To inhibit the digestion of indica rice starch (IRS), an excellent strategy was to add exogenous proteins that interact with IRS, which was closely associated with the protein components. Herein, this study compared the effects of soy protein subfractions, soy β-conglycinin (7S) and soy glycinin (11S), on IRS digestion and explored its inhibition mechanisms. This study used hydrothermal processing to prepare IRS complexes with soy protein subfractions (7S and 11S) at different starch-protein ratios. The results found that adding 7S and 11S exhibited different inhibitory patterns on starch digestion. Compared to IRS, a higher slowly digestible starch (SDS) content (40.91%, p < 0.05) was observed at the IRS-7S ratios of 20:8, while the 20:6 IRS-11S complex showed a higher resistant starch (RS) content (15.76%, p < 0.05). Subsequently, the interactions between IRS and soy protein subfractions and their multi-scale structural changes were explored.
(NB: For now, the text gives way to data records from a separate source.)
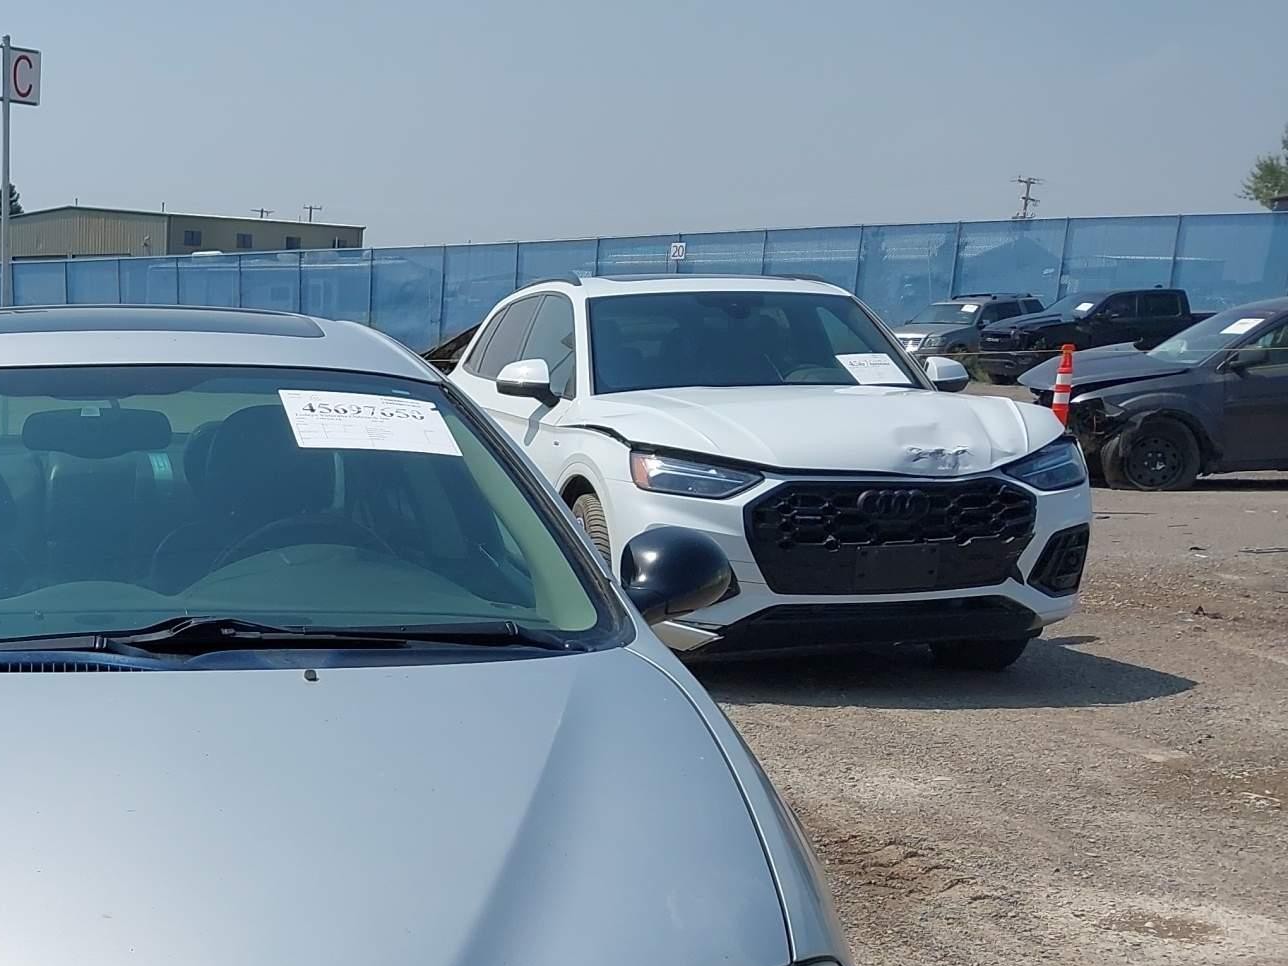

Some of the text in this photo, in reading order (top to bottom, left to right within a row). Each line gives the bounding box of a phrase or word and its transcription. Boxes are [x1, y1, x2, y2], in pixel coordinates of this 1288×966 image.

[13, 54, 33, 98] C
[671, 245, 685, 258] 20
[302, 402, 425, 421] 45697650
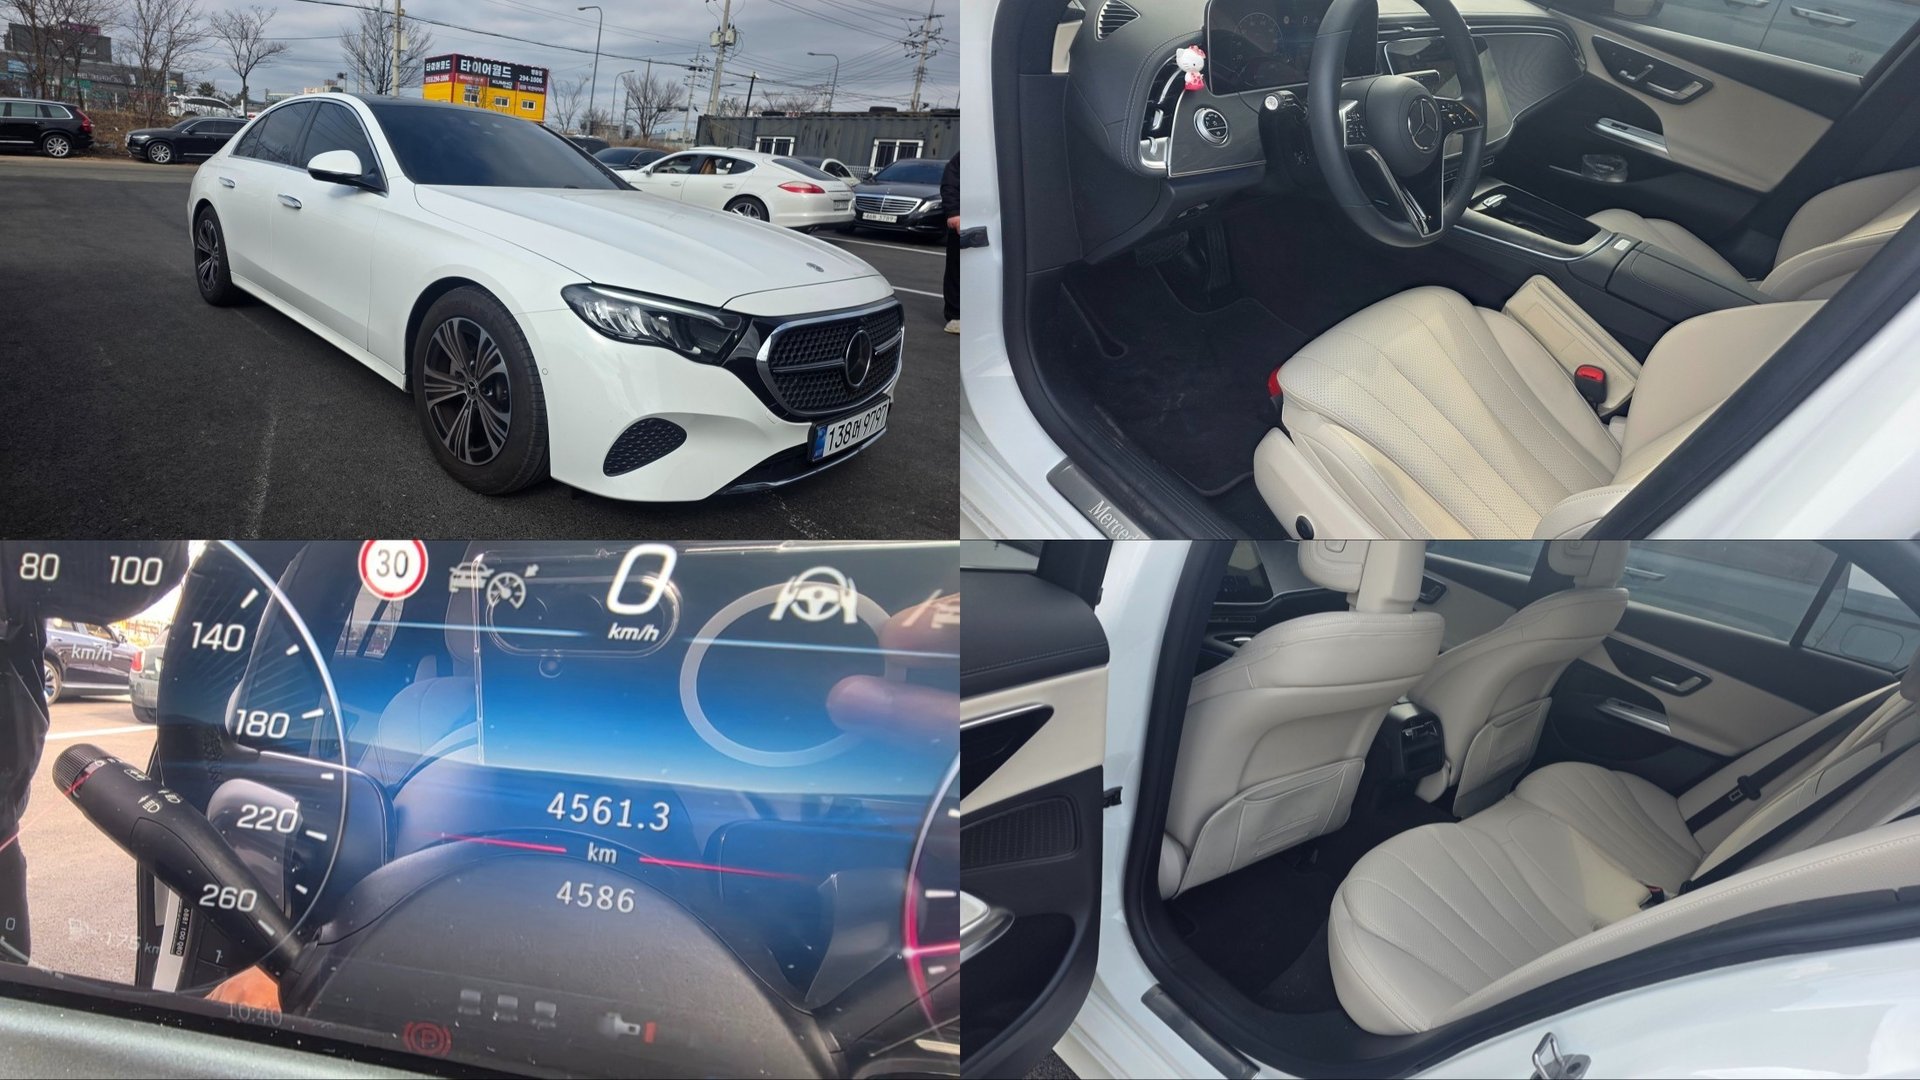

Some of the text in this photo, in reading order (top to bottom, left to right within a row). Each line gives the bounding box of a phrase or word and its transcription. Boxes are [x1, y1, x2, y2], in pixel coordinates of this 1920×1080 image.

[460, 59, 512, 78] 타이어월드
[863, 404, 888, 435] 9797
[19, 552, 60, 581] 80
[110, 555, 163, 586] 100
[376, 549, 409, 578] 30
[606, 543, 678, 615] 0
[192, 621, 246, 652] 140
[608, 622, 660, 642] km/h
[71, 643, 113, 662] km/h
[235, 709, 290, 739] 180
[236, 804, 298, 833] 220
[546, 792, 670, 831] 4561.3
[587, 842, 617, 864] km
[199, 883, 258, 912] 260
[556, 880, 636, 913] 4586
[5, 917, 16, 931] 0
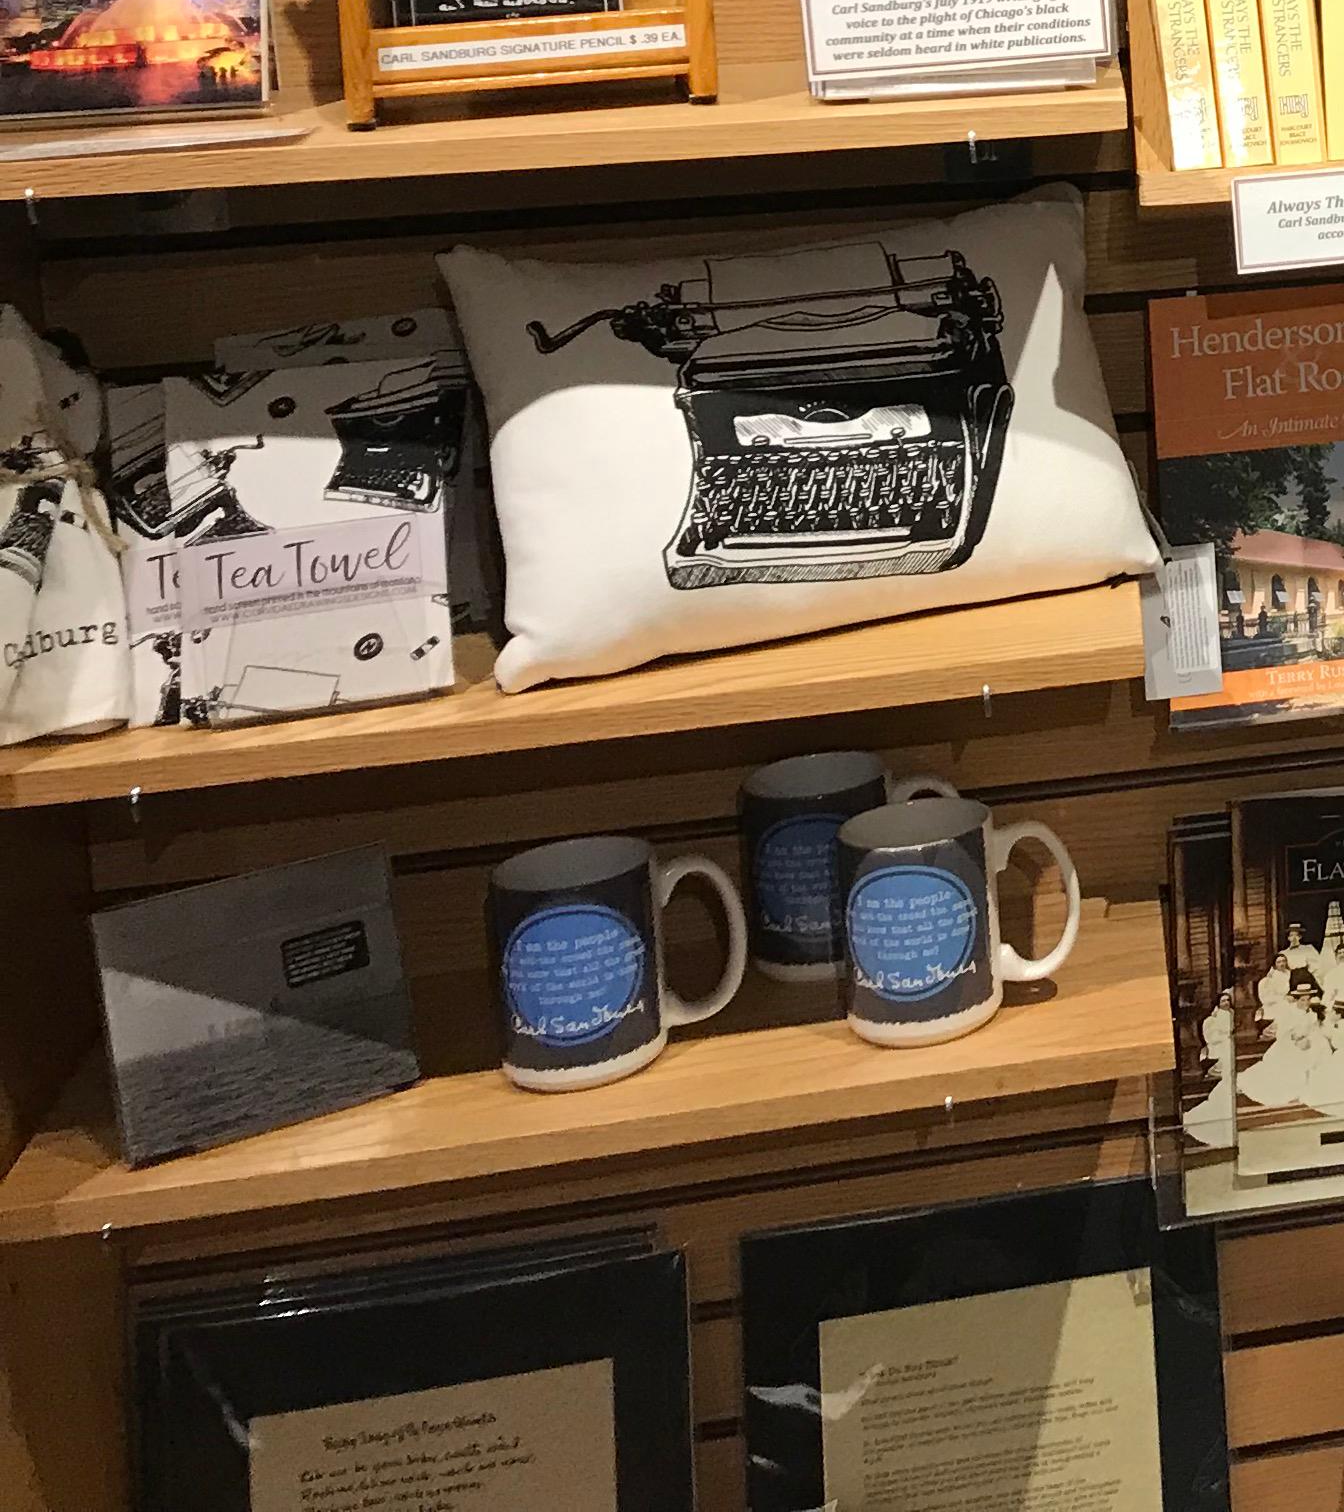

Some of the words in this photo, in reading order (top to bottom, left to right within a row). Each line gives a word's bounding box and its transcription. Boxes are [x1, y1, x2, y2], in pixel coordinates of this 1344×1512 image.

[381, 51, 417, 66] CARL
[421, 45, 496, 64] SANDBURG
[500, 41, 576, 56] SIGNATURE
[579, 37, 625, 51] PENCIL
[1267, 199, 1321, 215] Always
[1223, 361, 1289, 401] Flat
[205, 553, 283, 601] Tea
[283, 522, 413, 589] Towel
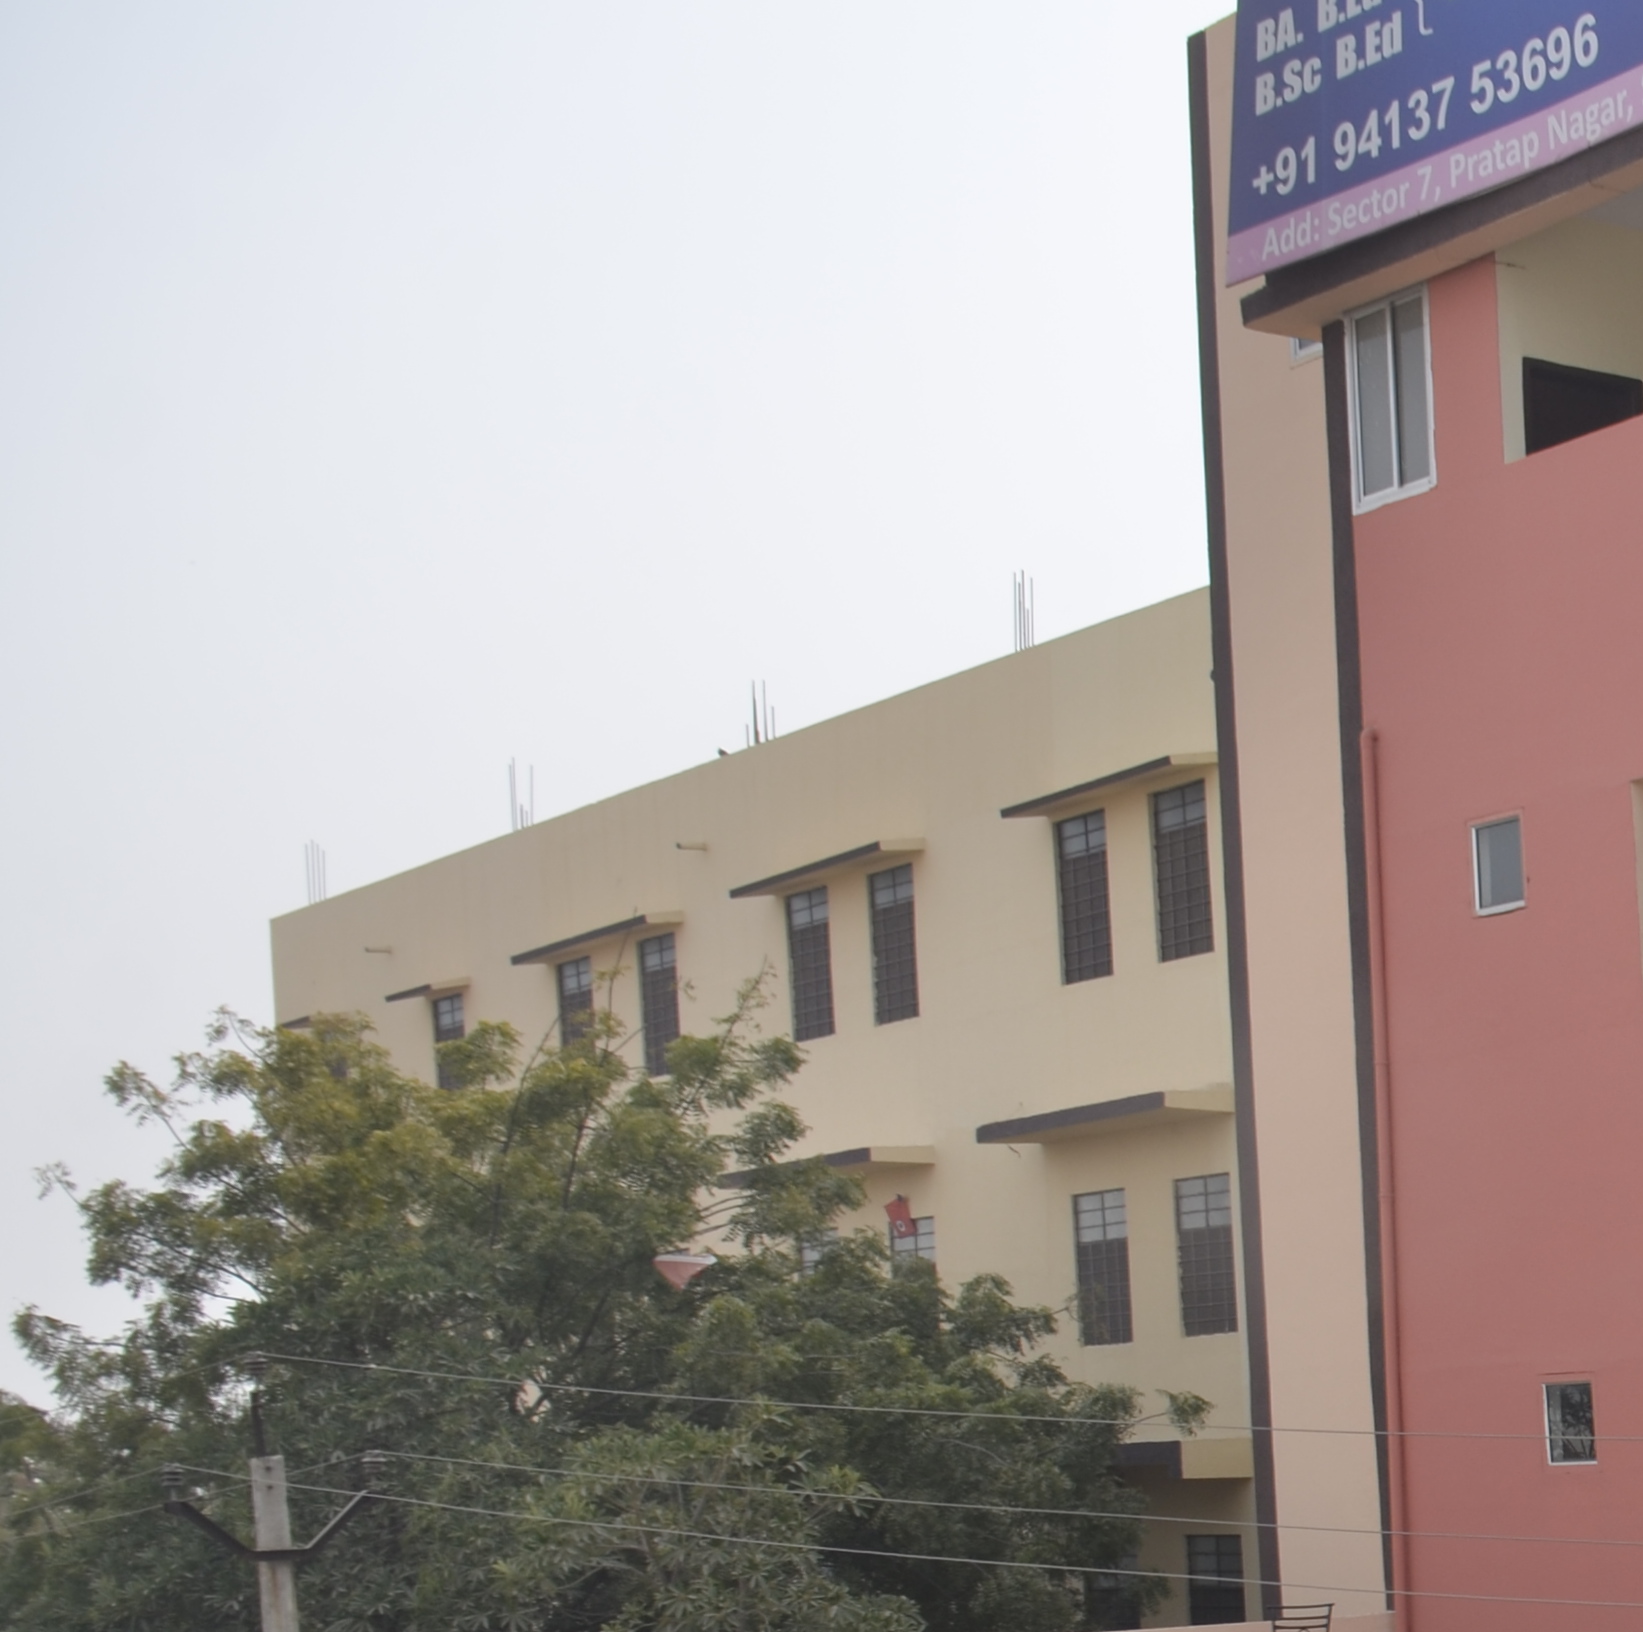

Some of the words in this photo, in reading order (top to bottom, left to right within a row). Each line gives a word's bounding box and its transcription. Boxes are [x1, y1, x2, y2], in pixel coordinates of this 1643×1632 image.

The rheological results revealed that hydrophobic interaction and hydrogen bonding were the main driving forces. Various structural changes were closely associated with inhibitory modes of soy protein subfractions on IRS digestion. In detail, the increased SDS content in IRS-7S complexes was attributed to the formation of compact protein physical barriers, aggregated structures with more ordered regions, and flexible secondary conformations of 7S. However, the high-density structures and the stable secondary conformations of 11S were responsible for the increased RS content in IRS-11S complexes. Thus, this study could provide directions for developing SDS-enriched or RS-enriched starch-based products. [Display omitted] •Adding 7S and 11S exhibited different inhibitory modes on starch digestion.•Hydrophobic interaction and hydrogen bonding were the main driving forces.•The compact protein barrier played a key role in the increased SDS of IRS-7S complex.•The high-density structure was responsible for the increased RS in IRS-11S complex.